Amazon appears poised to do for prescription drugs what it did three decades ago for books: keep prices low and make it easy to order, pay for, and receive—all from the comfort of home.

Amazon has been in the prescription medication business for almost six years, starting with its 2018 purchase of online pharmacy PillPack. But the Amazon Pharmacy brand didn’t officially debut until November 2020, in the midst of the Covid-19 pandemic, when going to the drugstore required a mask and a degree of endurance. The ability to order basic, widely-used drugs online for conditions like diabetes and COPD/Emphysema became especially attractive. Prime members were eligible for discounts of up to 80% on generic drugs and 40% on branded products, with free two-day delivery.

The introduction of Amazon Pharmacy made little more than a ripple at the time.

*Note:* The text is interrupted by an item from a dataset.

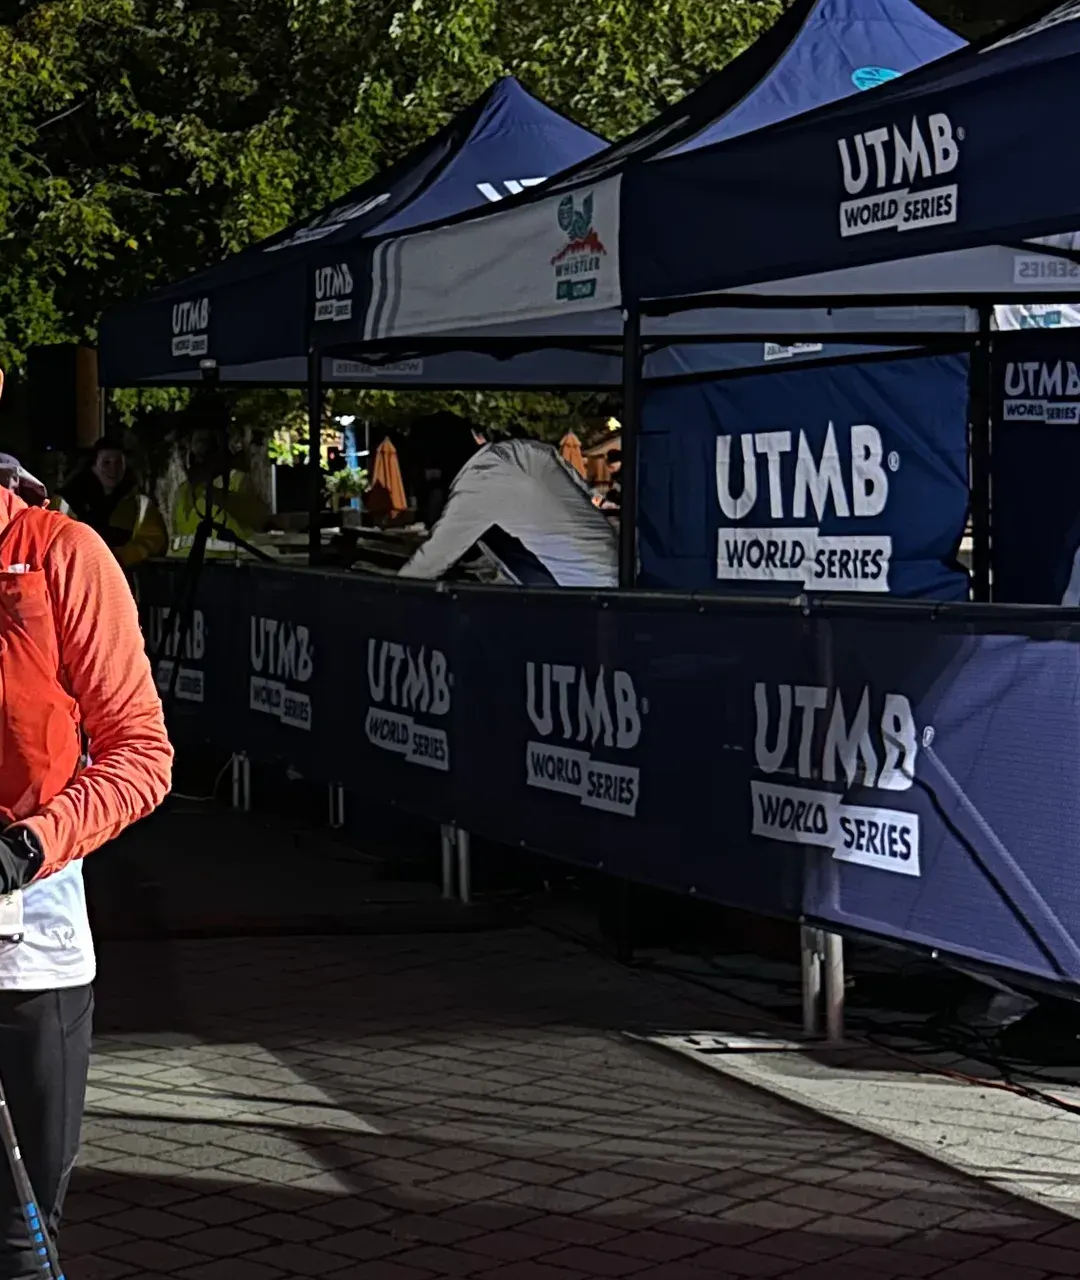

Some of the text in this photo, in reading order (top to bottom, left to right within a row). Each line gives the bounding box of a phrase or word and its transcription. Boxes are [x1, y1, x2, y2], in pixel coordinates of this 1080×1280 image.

There were other online players in the mail-order medicine business, including pharmacies in countries like Canada that, since 2000, could legally ship medications to the US at huge savings. Insurers had been encouraging consumers to go mail-order by offering modest discounts.

The Amazon Pharmacy online rollout was seen by some observers at the time as just another of the company’s retailing experiments, like some of its failed physical store concepts. Pharmacy seemed like little more than a way to squeeze a bit more revenue out of its Prime member base.

Amazon doesn’t break out revenue statistics for its drug sales, so what was really happening was a mystery until this past summer, when an internal company document was leaked and reported on by news site BusinessInsider.com. According to the December 2023 document (which the company later said was based on preliminary data and thus not accurate), Amazon was projecting $3 billion in revenue from its healthcare business this year, a robust 30% surge from 2023.

That included a 45% jump in pharmacy sales, projected to hit $1.8 billion this year. Yes, that’s Billion with a B.

This past June, Amazon extended its existing RxPass subscription service to Medicare Prime members, an inflection point that seems to have persuaded doubters that the company was all in on mail-order pharmacy.

“Baby boomers, still a sizable cohort, are often the ones bearing the brunt of high-cost prescriptions,” Greg Zakowicz, an e-commerce expert at Omnisend, told Business Insider. As it expands its drug offerings, combined with its current subscriber base, Zakowicz said that Amazon Pharmacy “could become the top one or two pharmacies in the U.S.”

That would be quite an accomplishment, considering last year’s estimated prescription revenue for industry leaders CVS and Walgreens Boots Alliance was more than $90 billion each. Total pharmacy industry prescription revenue last year was estimated at nearly $500 billion.

Neil Saunders, managing director at research firm GlobalData, recently told industry website PYMNTS.com that the online market is still small and Amazon has not yet disrupted it. But he notes that the brick-and-mortar competition has been making the case for online growth with declining customer service. “This is playing right into Amazon’s hands by driving more people online.”

Recall the book industry. It was disrupted due in part to a fragmented market with lots of independent operators and a few large players. It seems Amazon has identified a model of disruption that works. Pharmacy appears to be one of those for sure.

The other very interesting question is: What industry segment could be next?